The Pound Euro exchange rate fell by -0.3% today after the single currency received a boost from encouraging Eurozone economic data. Today saw the Eurozone’s latest retail sales report for March beat forecasts and rise by 12% month-on-month. This has left the pairing currently trading around €1.15 at the time of writing.
Today also saw German factory orders jump for their third month in a row, as the Eurozone’s powerhouse economy’s manufacturing sector continues to improve.
Analysts at Bloomberg commented:
‘Demand for machinery, data processing equipment, electrical and optical goods as well as car manufacturing was particularly strong, the Economy Ministry said. Helped by strong recoveries abroad, German manufacturing has held up well during the latest rounds of restrictions to limit the spread of the coronavirus.’
Consequently, EUR has risen against the Pound as optimism in the Eurozone’s economy continues to improve as the EU ramps up its Covid-19 vaccination programme.
The Eurozone’s economy is now expected to recover in the coming months as many European countries are preparing to further ease coronavirus lockdown restrictions.
Meanwhile, the Pound (GBP) failed to rise against the Euro today despite the Bank of England (BoE) predicting a pick-up in growth for the UK economy.
The BoE has also cut its unemployment forecast, buoying confidence in the UK’s labour market as job the nation’s unemployment falls as the economy cautiously reopens.
The BoE said:
‘The furlough scheme, alongside a projected recovery in activity and demand for labour, is expected to support employment. Job vacancies – an indicator of labour demand – had already begun to pick up during Q1.’

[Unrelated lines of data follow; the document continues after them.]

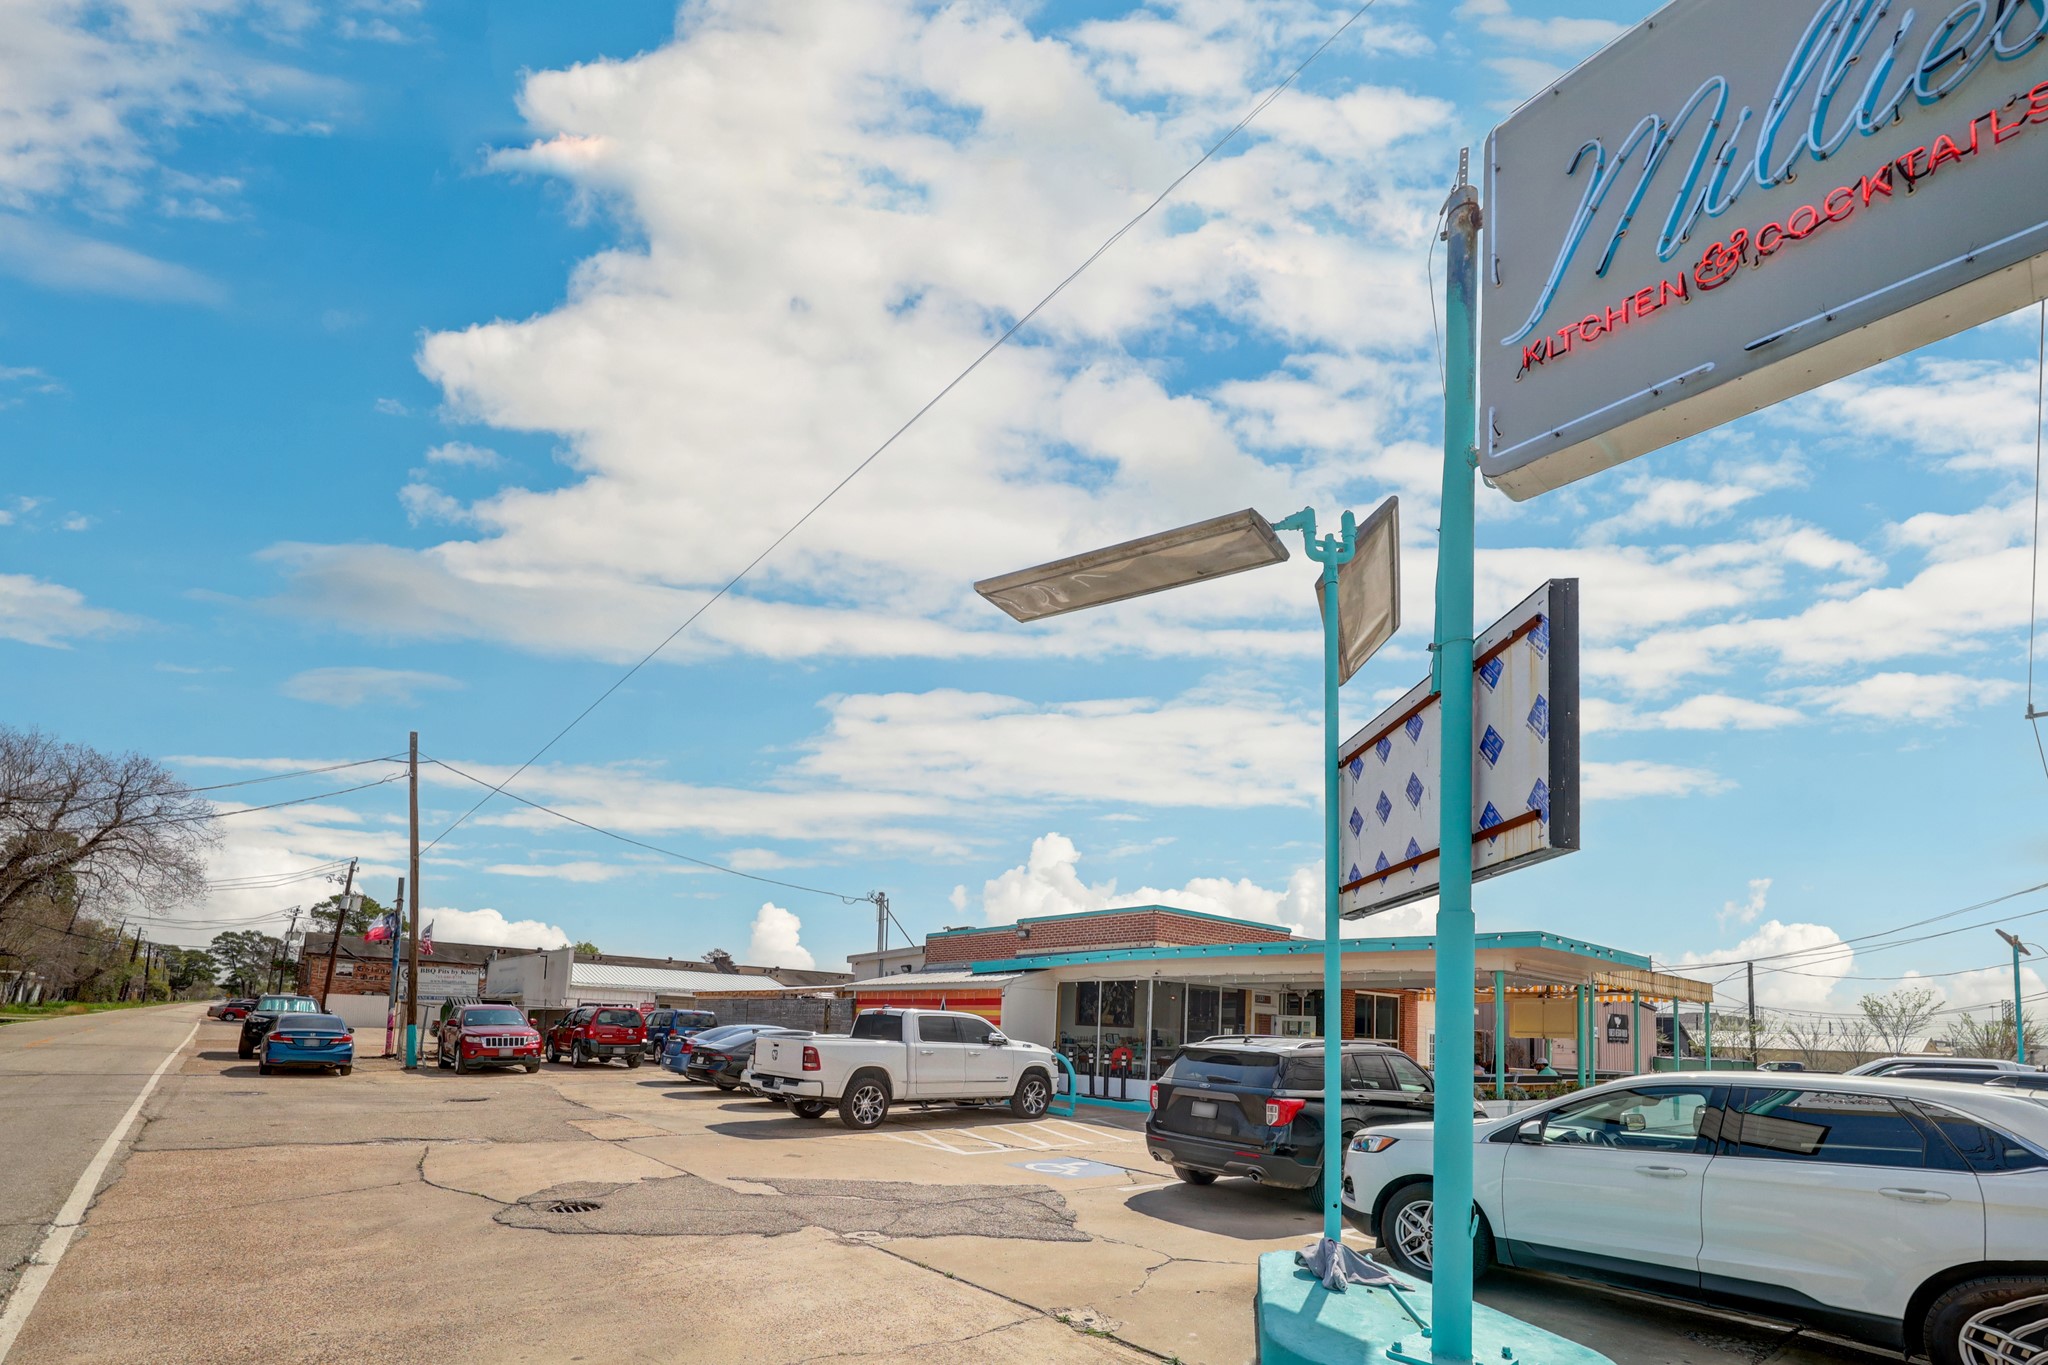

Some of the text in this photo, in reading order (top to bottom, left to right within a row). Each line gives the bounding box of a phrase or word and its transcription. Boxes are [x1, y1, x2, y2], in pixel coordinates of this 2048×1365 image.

[1520, 79, 2048, 371] KITCHEN & COCKTAILS
[420, 967, 437, 975] BBQ
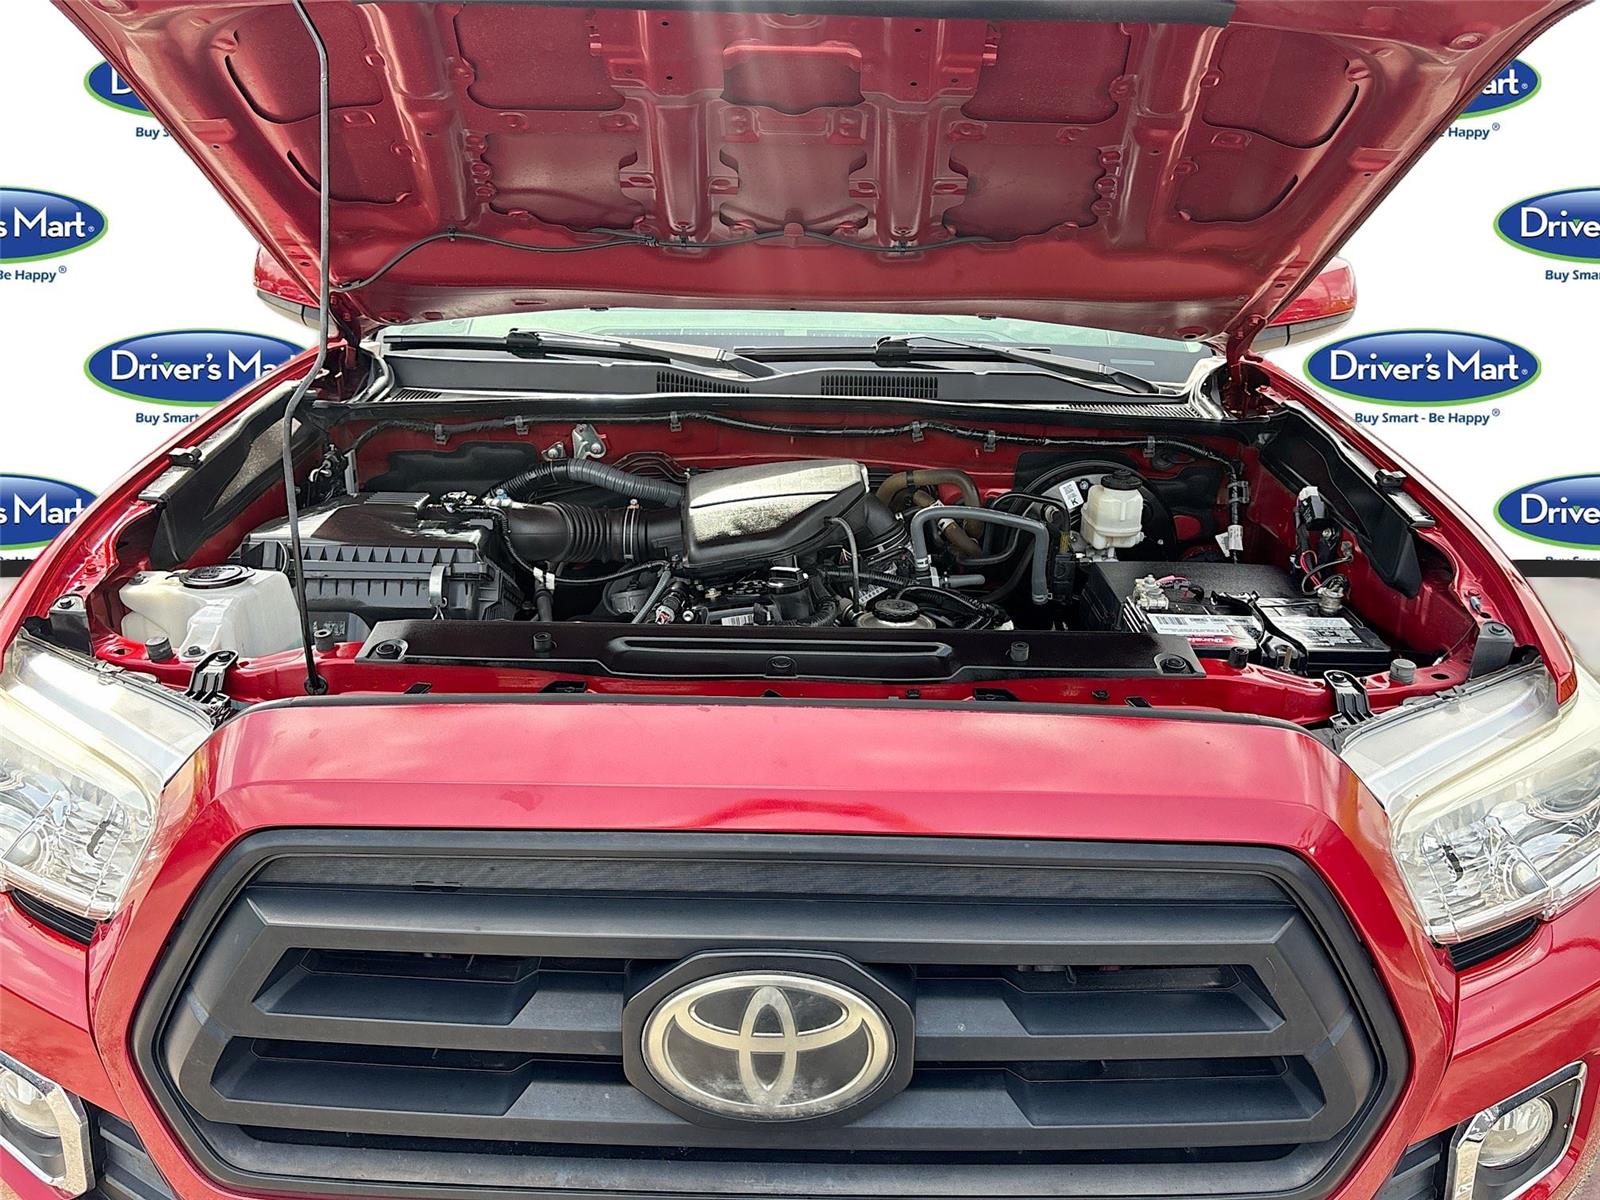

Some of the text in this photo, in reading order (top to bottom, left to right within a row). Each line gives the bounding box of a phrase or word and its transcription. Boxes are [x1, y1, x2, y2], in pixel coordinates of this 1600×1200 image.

[1481, 69, 1519, 95] art
[136, 127, 160, 140] Buy
[1448, 128, 1490, 140] Happy
[14, 206, 86, 238] Mart
[1521, 206, 1600, 238] Drive
[15, 269, 57, 283] Happy
[1545, 269, 1600, 283] Buy Sma
[111, 349, 296, 381] Driver's Ma
[1330, 349, 1519, 381] Driver's Mart
[136, 412, 160, 426] Buy
[1355, 412, 1379, 426] Buy
[1382, 412, 1419, 424] Smart
[1429, 412, 1445, 424] Be
[1448, 412, 1490, 426] Happy
[1521, 492, 1600, 526] Drive
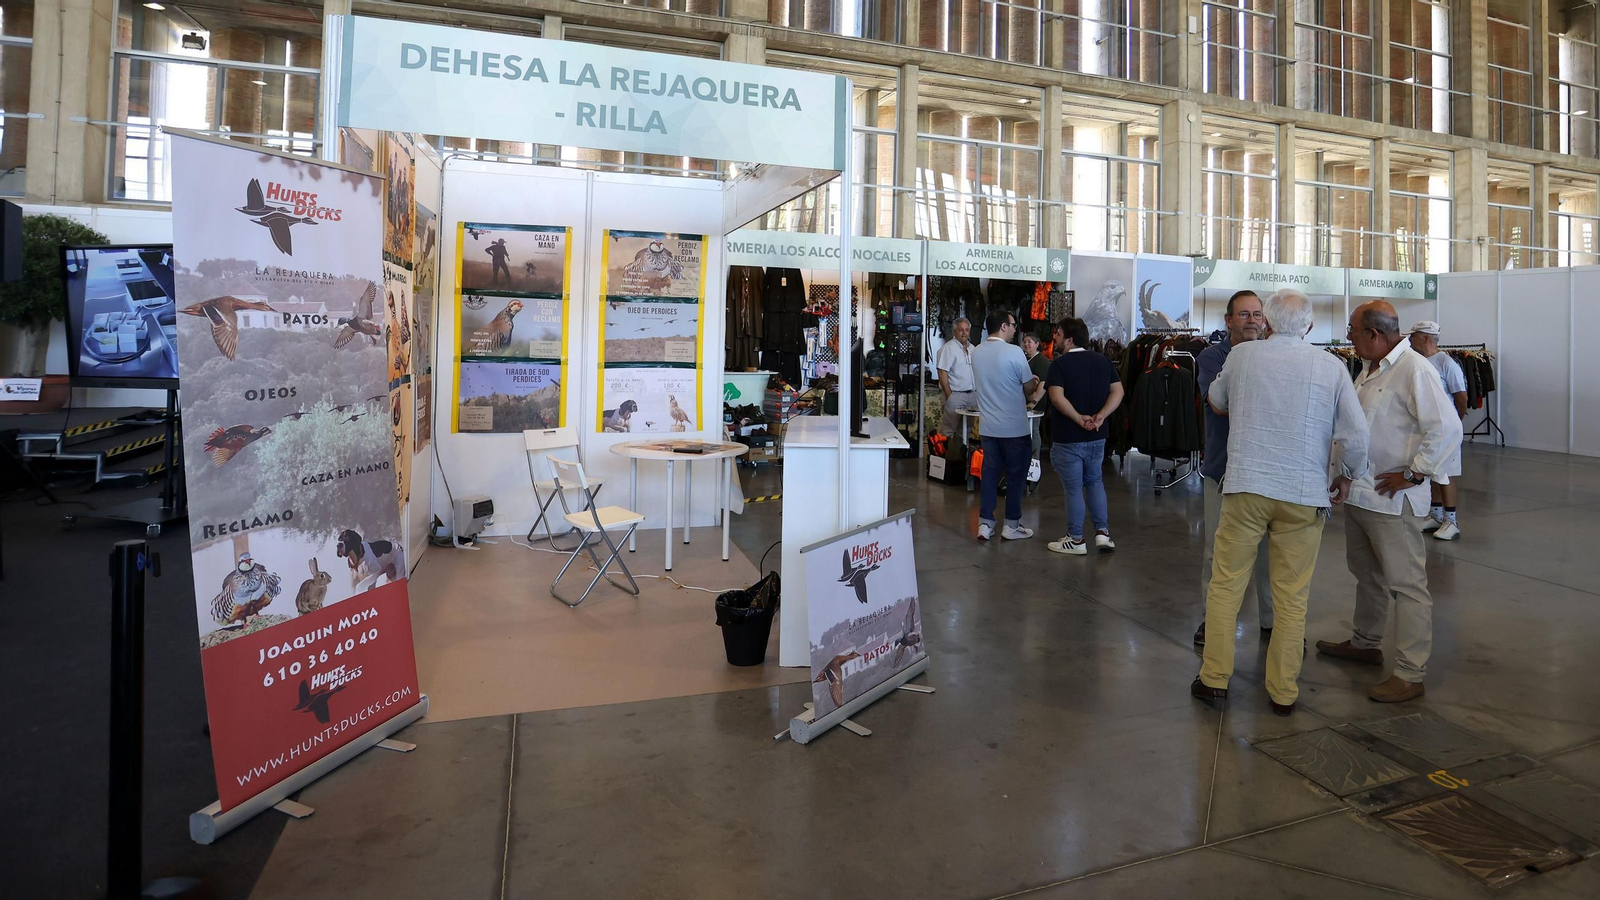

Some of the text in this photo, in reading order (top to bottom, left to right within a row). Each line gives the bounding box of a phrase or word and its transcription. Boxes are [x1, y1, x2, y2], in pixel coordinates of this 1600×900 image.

[400, 42, 802, 112] DEHESA LA REJAQUERA
[576, 102, 668, 134] RILLA
[674, 255, 699, 263] RECLAMO
[727, 241, 911, 262] RMERIA LOS ALCONOCALES
[966, 248, 1014, 260] ARMERIA
[276, 268, 334, 280] REJAQUERA
[936, 260, 1042, 276] LOS ALCORNOCALES
[1249, 272, 1310, 284] ARMERIA PATO
[1359, 279, 1413, 290] ARMERIA PATO
[283, 312, 328, 325] PATOS
[245, 387, 297, 401] OJEOS
[302, 461, 389, 485] CAZA EN MANO
[203, 510, 293, 539] RECLAMO
[849, 621, 855, 630] LA
[859, 605, 891, 625] REJAQUERA
[259, 607, 378, 664] JOAQUIN MOYA
[263, 628, 378, 687] 610 36 40 40
[863, 642, 889, 664] PATOS
[236, 686, 411, 786] WWW.HUNTSDUCKS.COM

According to the BoE, the UK economy is now set for its strongest economic growth since World War II.
Looking ahead to Friday, Euro (EUR) traders will be awaiting the latest German trade and industrial production data for Mach.
Any further signs of the Eurozone’s economic recovery would be EUR-positive.
The Pound Euro exchange rate could head higher, however, if tomorrow’s publication of the UK Construction PMI for April confirms forecasts and rises to 62.3.